The constant aim of modern psychology is to analyze all complex mental operations into their simplest elements and to trace back to their first beginning all acquired or composite habits and faculties, and to show how they have been generated or could have been generated from the fewest original aptitudes or fundamental activities of the mind. This is sound scientific procedure — recognized in the Scholastic aphorism, Entia non sunt multiplicanda prœter necessitatem. We may not postulate a special faculty for any mental state which can be accounted for by the co-operation of already recognized activities of the soul. But the labor and skill devoted during the past century and a half to this combined analytic and synthetic procedure has developed one feature of modern psychology by which it is differentiated in a most marked manner from that of the Middle Ages and of Aristotle. The present-day treatment is pronouncedly genetic. Thus, whilst the Schoolmen in their account of mental operations, such as perception, conception, or desire, considered these processes almost solely as elicited by the normal adult human being already in full possession and control of matured mental powers, the chief interest of the modern psychologist is to trace the growth of these powers from their first and simplest manifestations in infancy, and to discriminate what is the product of experience and acquired habits from that which is the immediate outcome of the innate capabilities of the soul.

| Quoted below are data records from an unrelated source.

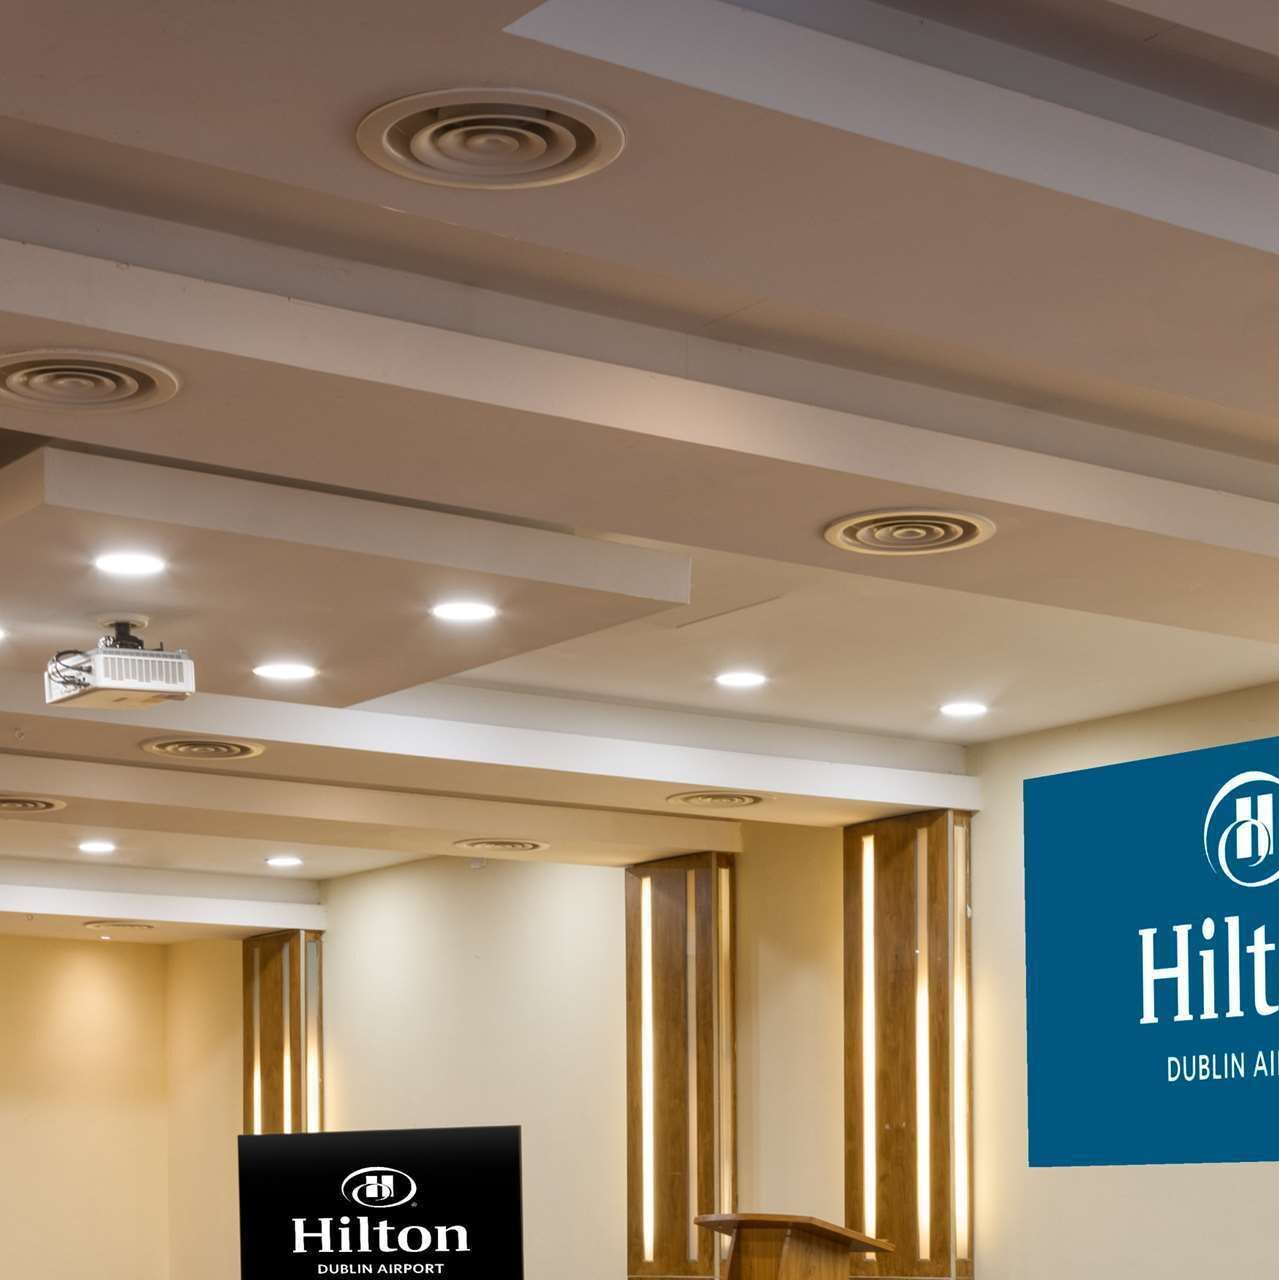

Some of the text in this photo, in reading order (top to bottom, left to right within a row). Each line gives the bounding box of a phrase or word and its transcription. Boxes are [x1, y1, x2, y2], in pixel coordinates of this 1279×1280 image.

[1167, 1051, 1246, 1082] DUBLIN
[291, 1215, 471, 1254] Hilton
[317, 1263, 445, 1275] DUBLIN AIRPORT
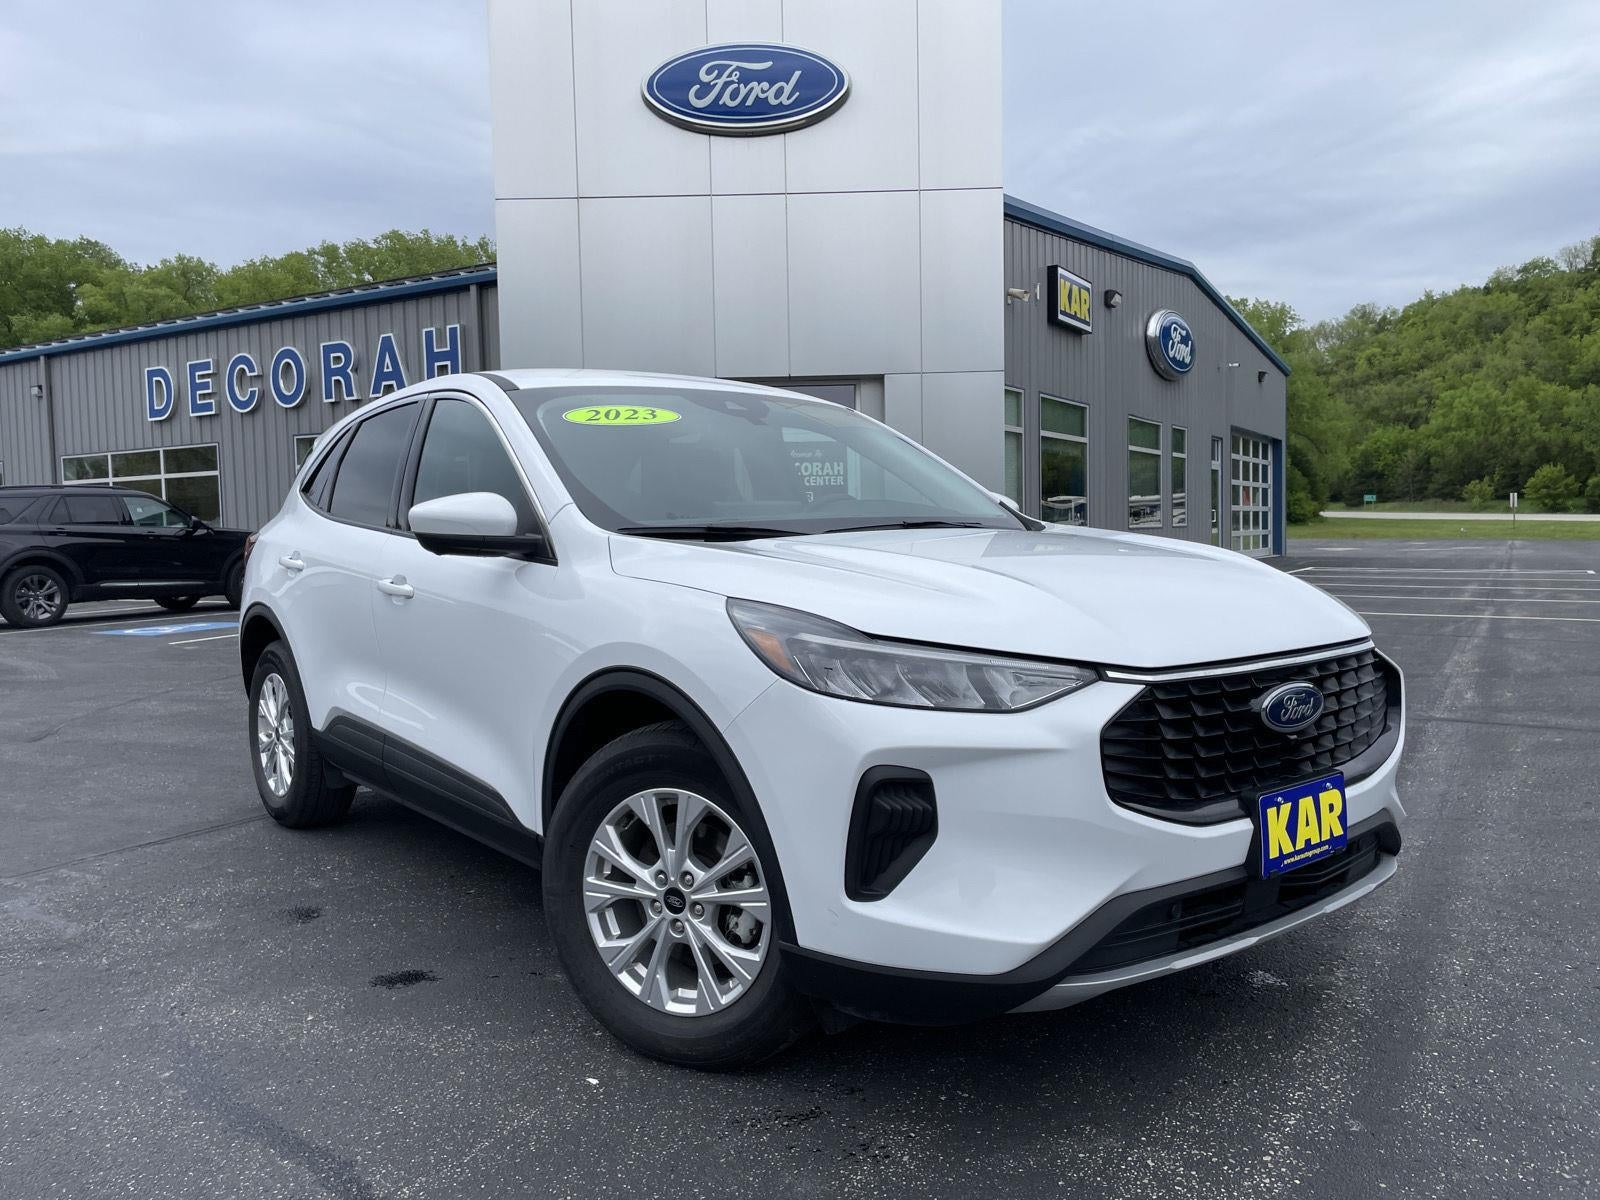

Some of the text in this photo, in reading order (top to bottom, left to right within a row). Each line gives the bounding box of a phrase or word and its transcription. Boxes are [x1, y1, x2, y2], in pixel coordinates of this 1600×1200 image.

[688, 60, 802, 109] Ford
[1060, 278, 1091, 322] KAR
[1169, 323, 1192, 365] Ford
[144, 323, 463, 422] DECORAH
[585, 408, 657, 422] 2023
[804, 476, 844, 486] CENTER
[1281, 692, 1313, 721] Ford
[1266, 788, 1344, 859] KAR
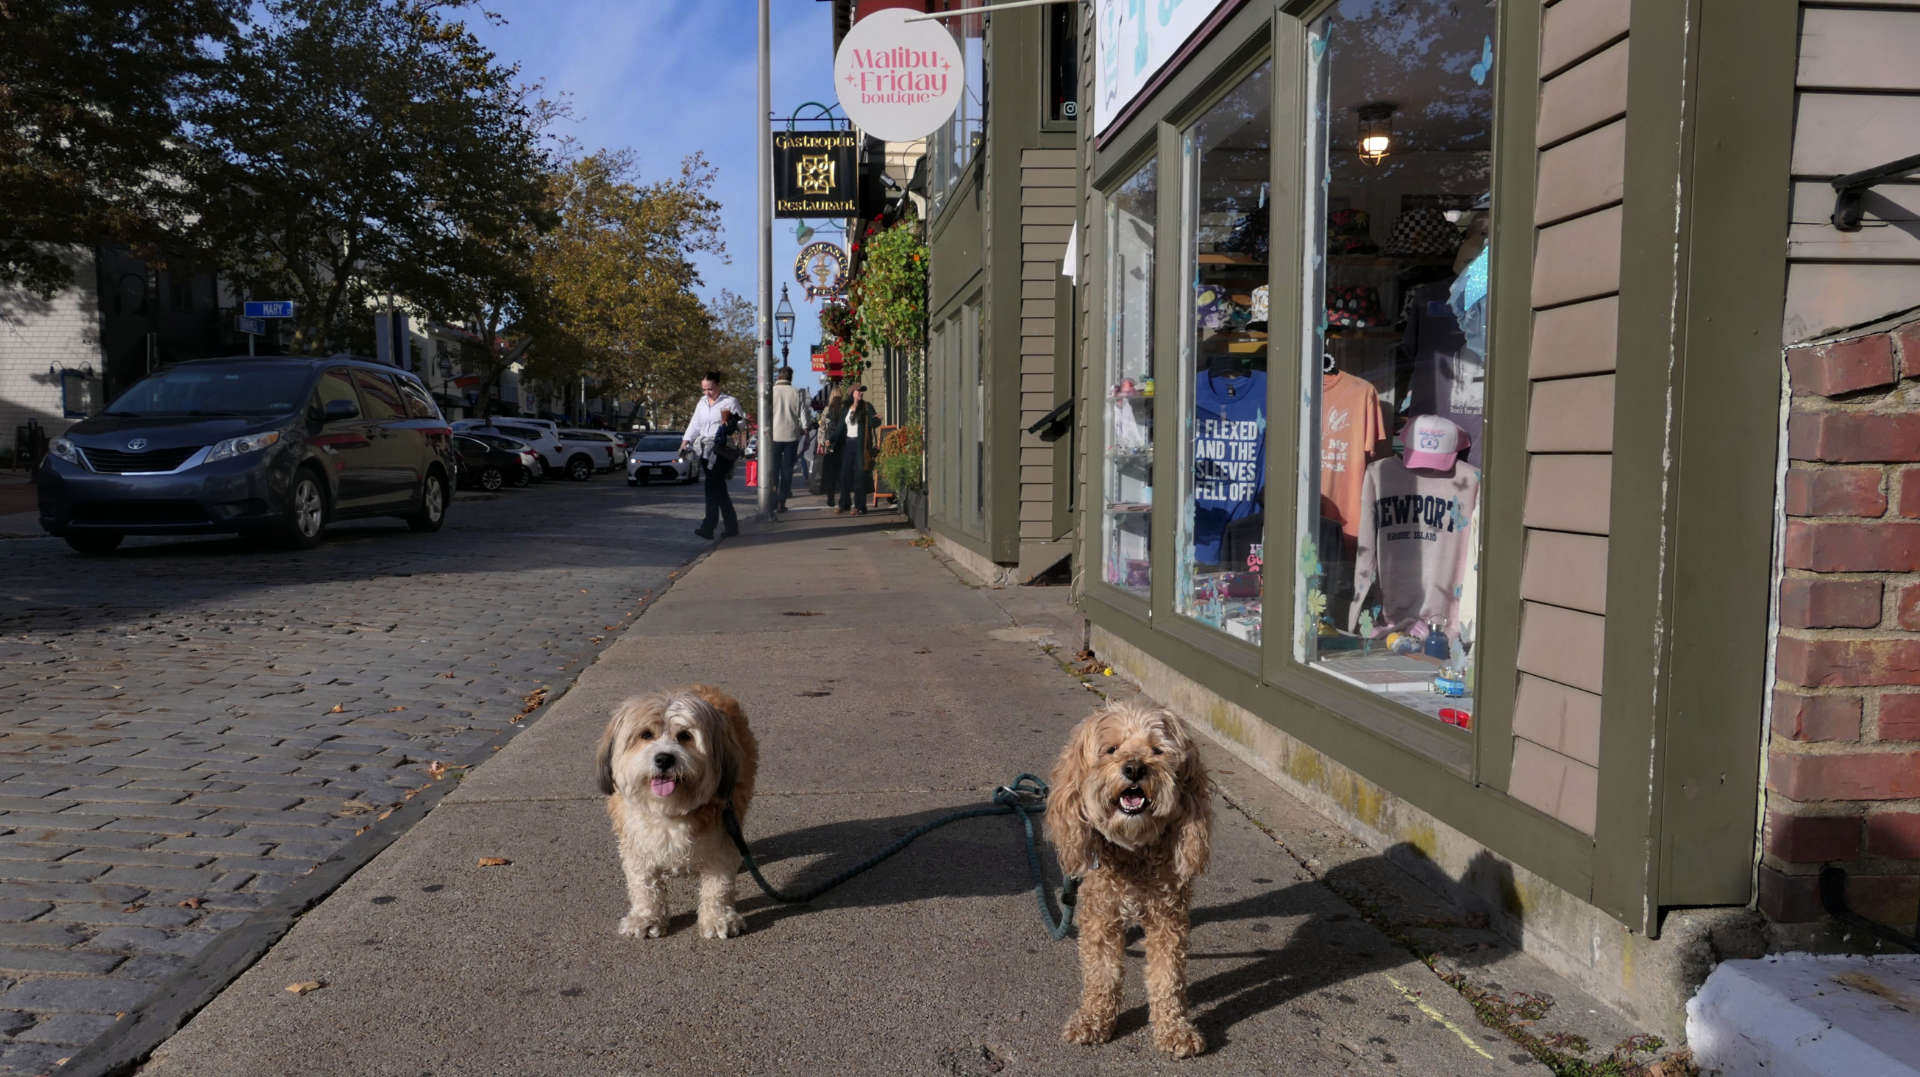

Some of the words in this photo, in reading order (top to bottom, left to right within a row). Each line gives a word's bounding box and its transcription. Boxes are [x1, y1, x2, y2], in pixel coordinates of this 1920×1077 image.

[853, 46, 938, 69] Malibu
[860, 69, 947, 97] Friday
[861, 91, 932, 105] boutique
[263, 303, 283, 315] MARY
[1195, 418, 1201, 438] I
[1204, 418, 1258, 441] FLEXED
[1195, 439, 1226, 460] AND
[1228, 441, 1257, 461] THE
[1195, 459, 1257, 481] SLEEVES
[1195, 480, 1228, 500] FELL
[1229, 481, 1256, 502] OFF

This is particularly noticeable if we compare the treatment of the mental operation of perception as given in most Scholastic textbooks with that to be found in any modern handbook of psychology. The point of view is usually quite different. Since much of the most plausible modern attacks on Scholastic psychological doctrine has been made in this manner, the genetic treatment from the Thomist standpoint of many psychological questions seems to us to be among the most urgent tasks imposed nowadays on the neo-Scholastic psychologist. The value of such work from a philosophical standpoint would seem to be distinctly greater than that of any results likely to be achieved in quantitative experimental psychology. Obviously there is nothing in the Thomistic conception of the soul and its operations incompatible with a diligent investigation into the unfolding of its various aptitudes and powers.